1925. Le Roi Prajadhipok (c.a.d."Lumière du Peuple") [Rama VII] accède au trône en raison de la mort prématurée de son royal aîné, mais quelques années plus tard, en 1932, un coup d’état (premier d’une longue liste) transforme, en douceur et sans effusion de sang, une Monarchie Absolue, vieille de sept siècles, en Monarchie Constitutionnelle.

 

1935. Le (futur) Roi Ananda Mahidon [Rama VIII] encore trop jeune pour régner lorsque son Oncle abdique, est représenté par un conseil de régence pendant qu’il continue ses études en Europe.
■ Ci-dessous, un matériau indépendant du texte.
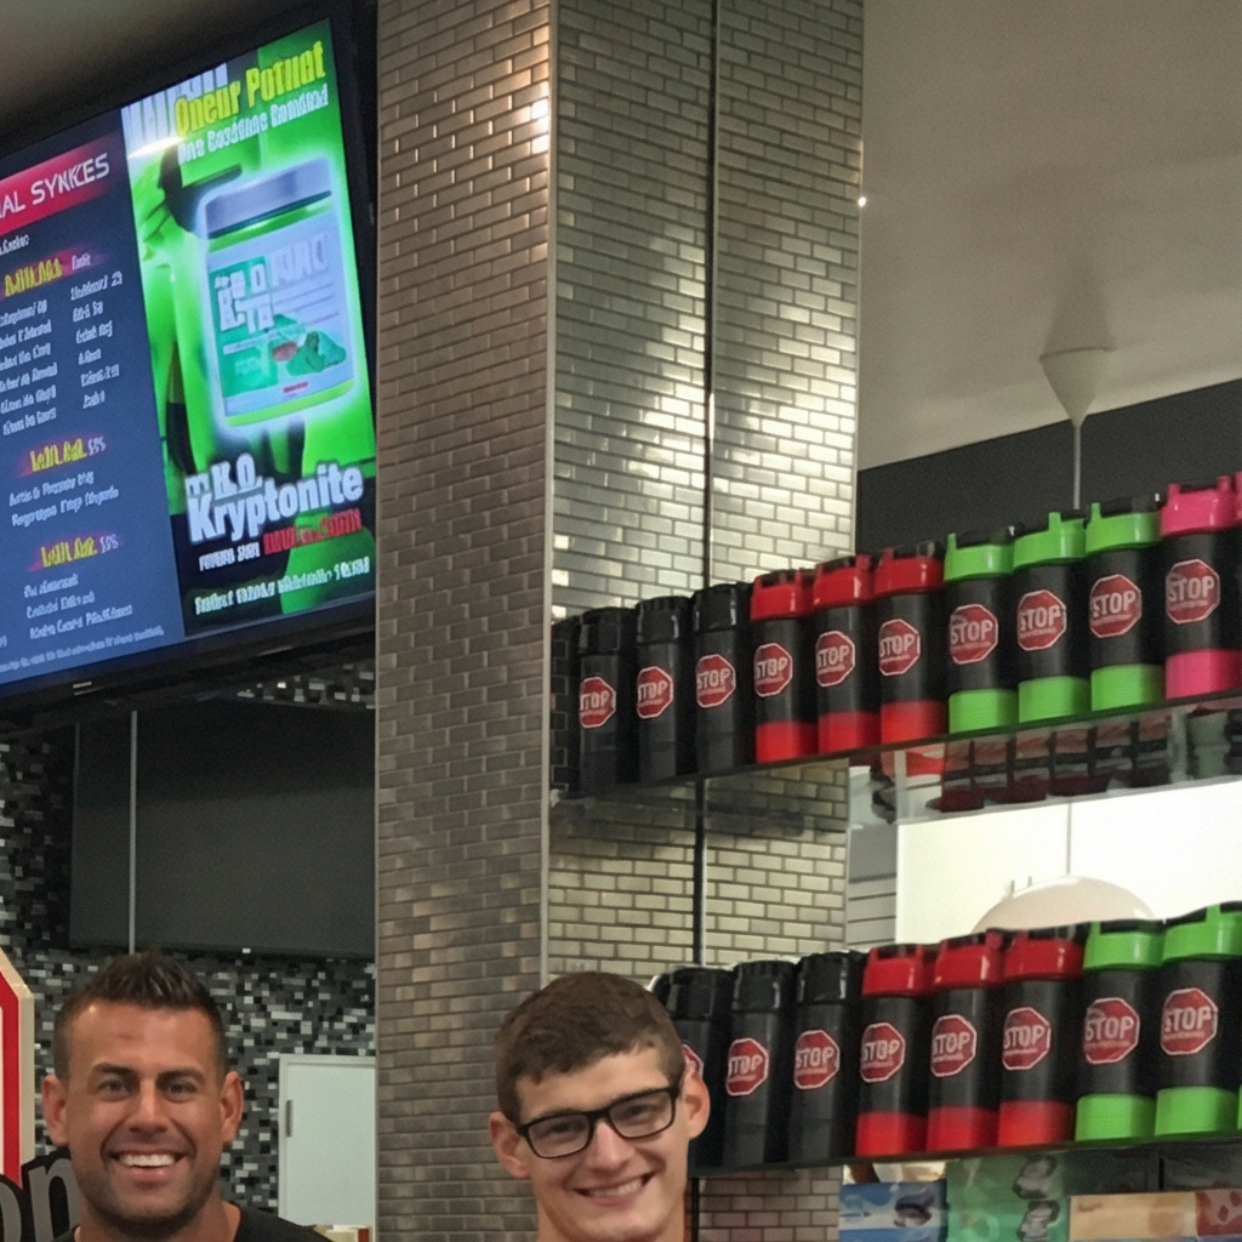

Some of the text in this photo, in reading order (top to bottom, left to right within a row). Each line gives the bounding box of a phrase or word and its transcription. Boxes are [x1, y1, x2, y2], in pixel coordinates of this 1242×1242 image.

[188, 463, 364, 545] Kryptonite
[1168, 575, 1215, 602] STOP
[1092, 590, 1136, 618] STOP
[951, 618, 994, 645] STOP
[1019, 605, 1061, 631] STOP
[1086, 1015, 1134, 1042] STOP
[1163, 1006, 1211, 1033] STOP
Mais à peine un an après son retour, il est trouvé mort dans sa chambre, à l’âge de 21 ans, tué par un mystérieux coup de feu dans la tête.

 

1946. Le Roi Bhumipon Adulyadet [Rama IX], jeune frère du défunt, se voit confier la couronne, et, à ce jour, a d’ores et déjà surpassé son illustre grand-père Rama V [Chulalonkon] en tant que souverain ayant le plus long règne de l’histoire du pays.

 

Remarque conclusive : Depuis la révolution "pacifique" de 1932, la Thaïlande a eu 22 Premiers Ministres, 53 Gouvernements, et la Constitution a été modifiée 16 fois. D’une part, le rôle de l’armée reste déterminant et quelque 19 coups d’états, effectifs ou avortés, ont, à des degrés différents, perturbé l’évolution politique, mais sans freiner le développement socio-économique. D’un autre côté, bien que ses pouvoirs soient limités par la Constitution, la Monarchie continue d’avoir, pour la Nation, un effet éminemment fédérateur, donc stabilisateur. Force est de constater que le respect et l’amour du peuple Thaï envers le Roi sont probablement plus vivants que jamais.